The place is important in demonstrating the principal characteristics of a particular class of cultural places.

The Shepherd Memorial Church of St Peter is important in demonstrating the principal characteristics of an Anglican church in its form and liturgical furniture, while its simplicity and interior treatment represent the "low church" form of Anglican worship.

The church is rectangular in form and comprises a nave which seats a congregation of 100, an east chancel, square tower with a colonnaded lantern, an entrance and an organ gallery above, and on the north side, a vestry.

Both externally and internally St Peter's Church remains substantially unchanged since completion of construction in July 1939.

The place is important because of its aesthetic significance.

St Peter's Church has strong aesthetic value. Its scale and austere fabric and form have been influenced by Romanesque massing principles and twentieth century Scandinavian architectural detailing. The modernist aesthetic of the church juxtaposed with the rural townscape of Proston evokes extreme surprise.

It is significant for its high quality workmanship in particular the face brickwork, which shows the influence of the Modern Movement popular in the 1930s.

The Shepherd Memorial Church of St Peter is an outstanding example of church design for its period and location. Its massing and high quality brickwork are features of the design which show European and Scandinavian influences. The church is also significant for the way it was designed for the climate, through the use of an unusual ventilation system.

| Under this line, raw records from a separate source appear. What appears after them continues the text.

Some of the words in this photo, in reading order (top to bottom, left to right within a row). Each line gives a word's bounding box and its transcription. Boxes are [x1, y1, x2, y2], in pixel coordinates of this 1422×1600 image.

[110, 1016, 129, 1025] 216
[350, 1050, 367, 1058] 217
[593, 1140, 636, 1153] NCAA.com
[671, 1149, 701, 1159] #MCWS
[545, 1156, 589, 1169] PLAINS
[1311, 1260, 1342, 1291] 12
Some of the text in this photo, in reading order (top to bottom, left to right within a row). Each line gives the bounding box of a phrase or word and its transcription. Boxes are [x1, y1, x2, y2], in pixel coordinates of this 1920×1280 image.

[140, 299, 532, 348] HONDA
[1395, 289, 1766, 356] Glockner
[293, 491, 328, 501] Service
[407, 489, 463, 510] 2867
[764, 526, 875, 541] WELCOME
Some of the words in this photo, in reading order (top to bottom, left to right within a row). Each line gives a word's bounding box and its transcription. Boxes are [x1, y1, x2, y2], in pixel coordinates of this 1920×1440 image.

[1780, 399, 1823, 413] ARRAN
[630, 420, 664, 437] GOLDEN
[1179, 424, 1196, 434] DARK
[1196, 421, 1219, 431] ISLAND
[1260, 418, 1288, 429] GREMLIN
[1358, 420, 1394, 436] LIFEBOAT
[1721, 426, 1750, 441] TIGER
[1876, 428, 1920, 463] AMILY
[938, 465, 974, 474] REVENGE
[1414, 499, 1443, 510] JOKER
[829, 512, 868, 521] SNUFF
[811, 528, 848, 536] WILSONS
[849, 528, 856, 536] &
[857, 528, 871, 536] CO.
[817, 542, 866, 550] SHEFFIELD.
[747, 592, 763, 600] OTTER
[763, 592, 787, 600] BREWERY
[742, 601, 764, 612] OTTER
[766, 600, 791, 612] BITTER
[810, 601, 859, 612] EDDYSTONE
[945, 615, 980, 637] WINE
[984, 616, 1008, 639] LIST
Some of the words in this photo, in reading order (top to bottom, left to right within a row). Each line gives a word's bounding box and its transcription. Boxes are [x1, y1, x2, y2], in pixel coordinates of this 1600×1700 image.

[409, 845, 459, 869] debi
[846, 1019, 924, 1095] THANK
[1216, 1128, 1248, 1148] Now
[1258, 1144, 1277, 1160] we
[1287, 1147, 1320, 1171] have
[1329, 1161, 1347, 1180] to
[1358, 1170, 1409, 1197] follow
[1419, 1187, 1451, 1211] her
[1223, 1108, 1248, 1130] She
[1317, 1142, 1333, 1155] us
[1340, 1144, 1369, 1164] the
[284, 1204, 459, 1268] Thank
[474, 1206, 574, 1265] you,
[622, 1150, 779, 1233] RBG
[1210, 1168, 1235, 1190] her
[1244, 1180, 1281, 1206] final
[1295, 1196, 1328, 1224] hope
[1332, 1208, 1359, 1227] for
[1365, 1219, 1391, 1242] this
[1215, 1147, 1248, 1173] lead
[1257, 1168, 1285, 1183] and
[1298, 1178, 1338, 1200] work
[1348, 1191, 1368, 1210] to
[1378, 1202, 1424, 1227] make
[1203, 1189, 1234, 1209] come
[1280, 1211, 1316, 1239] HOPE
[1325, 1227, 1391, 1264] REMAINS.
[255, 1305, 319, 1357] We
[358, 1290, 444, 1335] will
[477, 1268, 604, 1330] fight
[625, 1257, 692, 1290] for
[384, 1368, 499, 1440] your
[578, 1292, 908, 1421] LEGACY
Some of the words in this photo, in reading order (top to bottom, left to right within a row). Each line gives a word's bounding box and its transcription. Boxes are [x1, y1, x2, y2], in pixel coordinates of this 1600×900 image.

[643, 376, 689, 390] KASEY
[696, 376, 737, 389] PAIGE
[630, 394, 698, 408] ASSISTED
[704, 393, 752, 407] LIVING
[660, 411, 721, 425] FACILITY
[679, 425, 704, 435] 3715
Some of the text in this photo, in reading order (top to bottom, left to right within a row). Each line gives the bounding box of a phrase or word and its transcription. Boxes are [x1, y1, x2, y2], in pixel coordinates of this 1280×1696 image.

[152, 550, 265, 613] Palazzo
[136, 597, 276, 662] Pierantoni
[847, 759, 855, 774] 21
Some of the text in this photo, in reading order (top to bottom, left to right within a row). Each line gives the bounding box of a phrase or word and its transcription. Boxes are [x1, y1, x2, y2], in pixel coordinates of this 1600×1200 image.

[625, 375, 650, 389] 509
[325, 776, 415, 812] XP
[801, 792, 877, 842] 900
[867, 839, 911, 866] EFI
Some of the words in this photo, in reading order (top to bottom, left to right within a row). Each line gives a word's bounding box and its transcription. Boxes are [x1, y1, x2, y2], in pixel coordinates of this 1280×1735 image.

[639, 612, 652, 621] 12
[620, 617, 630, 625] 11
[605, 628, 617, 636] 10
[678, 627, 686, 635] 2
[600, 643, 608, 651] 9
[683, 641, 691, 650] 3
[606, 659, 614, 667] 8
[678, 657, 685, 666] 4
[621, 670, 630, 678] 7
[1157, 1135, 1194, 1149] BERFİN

The place is important in demonstrating a high degree of creative or technical achievement at a particular period.

St Peter's Church demonstrates a high level of creative achievement. Its architectural excellence and exceptionality is illustrated by its winning the 1940 RAIA Queensland Chapter Award for Ecclesiastical and Institutional Buildings including Educational Buildings and Hospitals - Country Division, which was awarded every five years.